### What to produce
Can the data below be set down again exactly, line for line?
[Source material — start]
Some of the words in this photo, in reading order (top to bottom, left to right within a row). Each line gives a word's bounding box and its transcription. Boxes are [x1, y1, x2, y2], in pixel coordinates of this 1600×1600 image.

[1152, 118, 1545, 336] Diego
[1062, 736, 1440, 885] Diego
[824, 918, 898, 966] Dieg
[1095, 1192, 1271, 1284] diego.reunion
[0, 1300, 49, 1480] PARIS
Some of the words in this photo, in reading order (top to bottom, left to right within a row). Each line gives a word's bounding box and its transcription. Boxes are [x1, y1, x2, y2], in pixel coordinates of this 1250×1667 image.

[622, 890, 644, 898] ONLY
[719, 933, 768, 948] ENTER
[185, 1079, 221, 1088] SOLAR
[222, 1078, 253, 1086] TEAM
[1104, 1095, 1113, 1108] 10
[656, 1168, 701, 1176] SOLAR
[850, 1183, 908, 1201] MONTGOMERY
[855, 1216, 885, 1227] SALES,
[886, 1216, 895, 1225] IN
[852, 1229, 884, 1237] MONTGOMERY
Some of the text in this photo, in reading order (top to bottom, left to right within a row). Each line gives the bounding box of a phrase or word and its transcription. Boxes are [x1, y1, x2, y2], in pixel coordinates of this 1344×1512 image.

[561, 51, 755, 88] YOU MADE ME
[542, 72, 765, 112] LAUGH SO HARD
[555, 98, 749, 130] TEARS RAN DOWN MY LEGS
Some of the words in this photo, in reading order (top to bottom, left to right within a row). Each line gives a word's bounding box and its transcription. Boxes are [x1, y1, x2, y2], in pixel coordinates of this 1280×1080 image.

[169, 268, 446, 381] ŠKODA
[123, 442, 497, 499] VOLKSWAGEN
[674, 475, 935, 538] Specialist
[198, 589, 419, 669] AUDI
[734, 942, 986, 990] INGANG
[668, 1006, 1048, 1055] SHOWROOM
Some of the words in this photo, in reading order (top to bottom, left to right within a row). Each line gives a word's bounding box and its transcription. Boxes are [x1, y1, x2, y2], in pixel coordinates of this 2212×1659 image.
[Source material — finish]
### Exercise answer
Some of the words in this photo, in reading order (top to bottom, left to right within a row). Each line gives a word's bounding box and its transcription. Boxes are [x1, y1, x2, y2], in pixel coordinates of this 1600×1600 image.

[1152, 118, 1545, 336] Diego
[1062, 736, 1440, 885] Diego
[824, 918, 898, 966] Dieg
[1095, 1192, 1271, 1284] diego.reunion
[0, 1300, 49, 1480] PARIS
Some of the words in this photo, in reading order (top to bottom, left to right within a row). Each line gives a word's bounding box and its transcription. Boxes are [x1, y1, x2, y2], in pixel coordinates of this 1250×1667 image.

[622, 890, 644, 898] ONLY
[719, 933, 768, 948] ENTER
[185, 1079, 221, 1088] SOLAR
[222, 1078, 253, 1086] TEAM
[1104, 1095, 1113, 1108] 10
[656, 1168, 701, 1176] SOLAR
[850, 1183, 908, 1201] MONTGOMERY
[855, 1216, 885, 1227] SALES,
[886, 1216, 895, 1225] IN
[852, 1229, 884, 1237] MONTGOMERY
Some of the text in this photo, in reading order (top to bottom, left to right within a row). Each line gives the bounding box of a phrase or word and its transcription. Boxes are [x1, y1, x2, y2], in pixel coordinates of this 1344×1512 image.

[561, 51, 755, 88] YOU MADE ME
[542, 72, 765, 112] LAUGH SO HARD
[555, 98, 749, 130] TEARS RAN DOWN MY LEGS
Some of the words in this photo, in reading order (top to bottom, left to right within a row). Each line gives a word's bounding box and its transcription. Boxes are [x1, y1, x2, y2], in pixel coordinates of this 1280×1080 image.

[169, 268, 446, 381] ŠKODA
[123, 442, 497, 499] VOLKSWAGEN
[674, 475, 935, 538] Specialist
[198, 589, 419, 669] AUDI
[734, 942, 986, 990] INGANG
[668, 1006, 1048, 1055] SHOWROOM
Some of the words in this photo, in reading order (top to bottom, left to right within a row). Each line gives a word's bounding box and its transcription. Boxes are [x1, y1, x2, y2], in pixel coordinates of this 2212×1659 image.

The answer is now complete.